I will be using the structure, force constants and atom partial charge values from the QM optimised structure of the oddly named DOGDIC crosslink from my preprint.
Preparing the forcefield
You can’t get away from modifying at least some small part of the forcefield files. We’ll be adding in a new residue name to the geometry and topology file and grompp will always look for this in the corresponding topology data files. It’s always worth putting in the extra mile and preparing a complete set of forcefield files. That way pdb2gmx can shift any modified .pdb file into a GROMACS file whilst generating the appropriate .top (itp) file. Preparing the topology will involve a lot of work in the ./share/gromacs/top/amber99sb-ildn.ff/ directory.

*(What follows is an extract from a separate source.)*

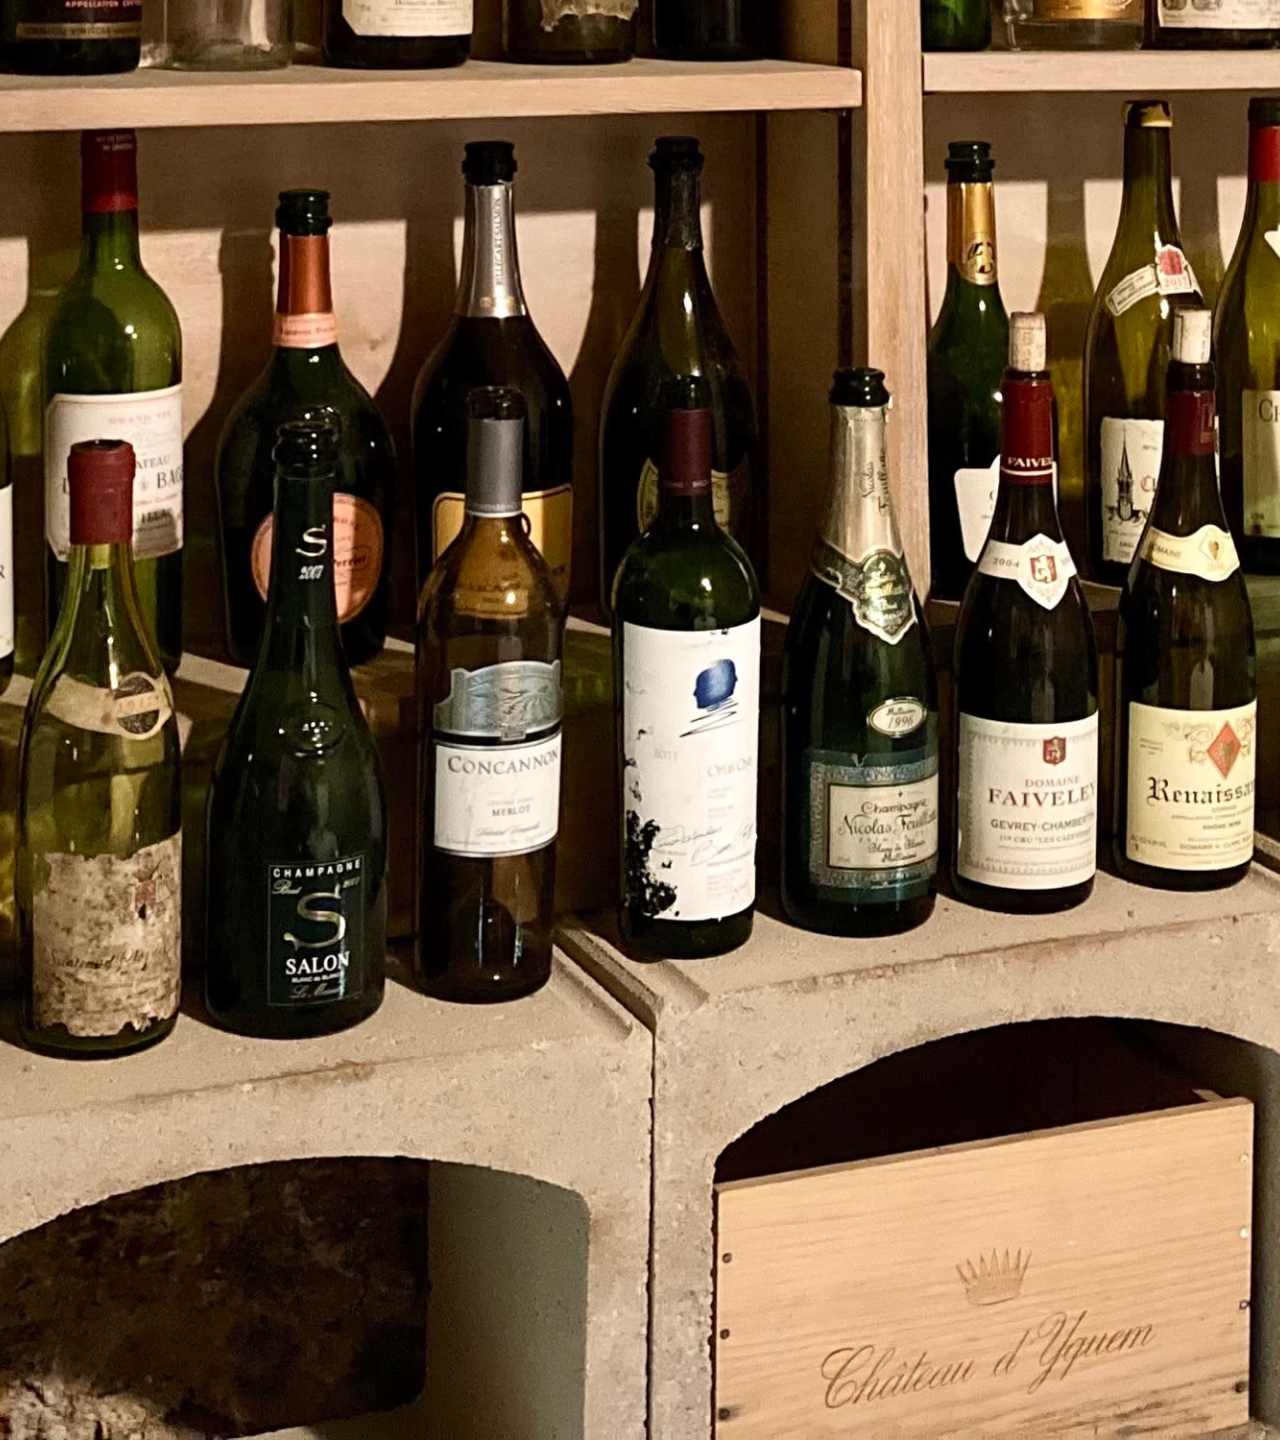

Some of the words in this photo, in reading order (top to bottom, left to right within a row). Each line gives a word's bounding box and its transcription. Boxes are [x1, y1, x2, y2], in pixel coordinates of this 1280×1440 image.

Preparing the forcefield files
The QM optimised structure contains the bond lengths and angles at equilibrium. However, fitting that particular structure into the whole geometry may not be possible so we’ll rely on a series of energy optimisation steps and MD trajectories to account for the changes we’ll make during construction. Sadly, unless you’ve derived your force constants with software such as ForceGen, you’ll need to measure the bond distance between every atom pain and the angle between atom triplets.

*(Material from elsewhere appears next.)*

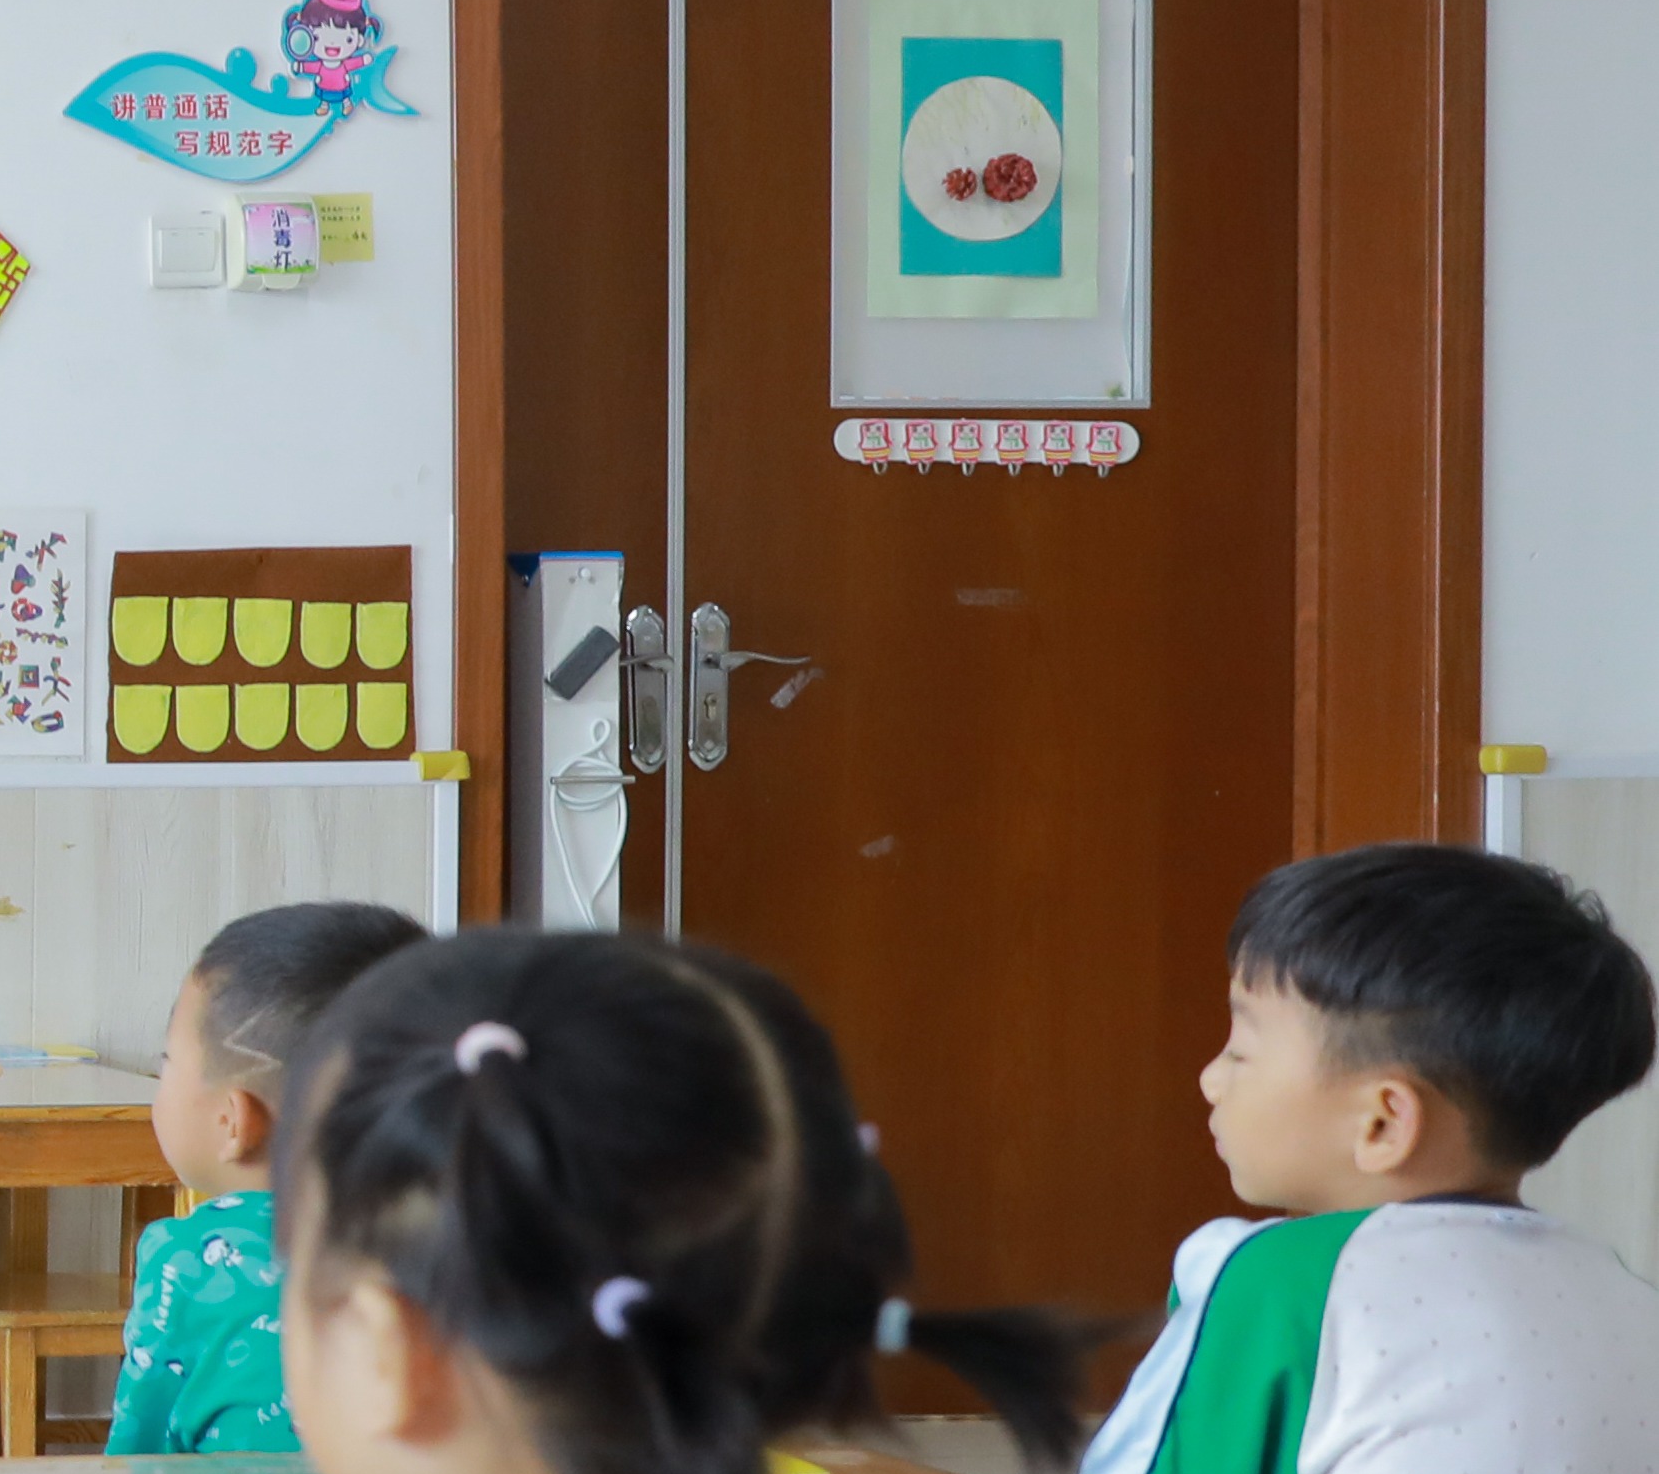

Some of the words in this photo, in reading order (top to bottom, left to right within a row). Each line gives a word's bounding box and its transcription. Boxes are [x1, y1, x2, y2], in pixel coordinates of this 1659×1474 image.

[110, 93, 229, 120] 讲普通话
[176, 131, 293, 156] 写规范字
[272, 208, 292, 272] 消毒灯

Firstly, build your structure on paper or a chemical software package. This is the structure I’ll be attaching between two collagen polypeptides. You’ll notice several features. Each atom is uniquely labelled and are used as atom types in the atomtype.atp file. I have marked, in red, the special bond used to link two residues by some part that is not the peptide backbone. In this example, DN2 and DC13 form the bond. I’ve marked in blue the bond used to attach residues along a backbone chain, and between those bonds and the special bond we have two residues: DOG1 and DOG2.
The following files must change:
atomtypes.atp
This file holds all atom types along with the atomic mass. Pretty simple, the type is used in the second column of an .itp file after pdb2gmx and in the second column in aminoacids.rtp for pdb2gmx production. Below is a short example of some atoms from the DOGDIC structure (above).
DH1 1.00800 DH2 1.00800 DH3 1.00800 ... DO1 16.00000 DO2 16.00000 DO3 16.00000 ... DN1 14.01000 DN2 14.01000 DN3 14.01000 .... DC1 12.01000 DC2 12.01000 DC3 12.01000 ...
aminoacids.r2b
Both parts of the crosslink (an arginine derived and lysine derived) will be centre residues. If you want PTM amino acids as part of the N- and C- terminus, additional entries to this file and further residue entries to aminoacids.rtp must be made. For example, valine has a central and N- and C- entries, whereas my PTM molecules will always have residues on a backbone either side.
; main N-ter C-ter 2-ter VAL VAL NVAL CVAL - MOD1 MOD1 - - - MOD2 MOD2 - - - GOD1 GOD1 - - - GOD2 GOD2 - - - DOG1 DOG1 - - - DOG2 DOG2 - - - GLP1 GLP1 - - - GLP2 GLP2 - - -
aminoacids.rtp
There are alternative means of implementing a new residue type without changing this file. However, I’ve always kept a backup of the original and worked on adding post-modified side chains into the backend force field files. Do this with caution.
Each [ atoms ] row requires four columns: atom name, atom type (as found in the atomtypes.atp file), atom charge, and atom charge group. Atom type matches all forcefield atom data e.g., bonded (ffbonded.itp), nonbonded (ffnonbonded.itp) and atomic weight (atomtypes.atp). Be warned, the quick and dirty approach of using matching atom name and atom type e.g., DO1 DO1 -0.416 5 comes with a few painful problems a lot later; without the significant hassle of converting the .gro file back into a pdb file and adding CONECT data (or by supplying a PSF file with the PDF), the likes of VMD will not understand how to render the bond connectivity. However, it is also worth noting that GROMACS pdb2gmx will fail if an atom name is used more than once in a residue. Atom types can be identical, atom names cannot.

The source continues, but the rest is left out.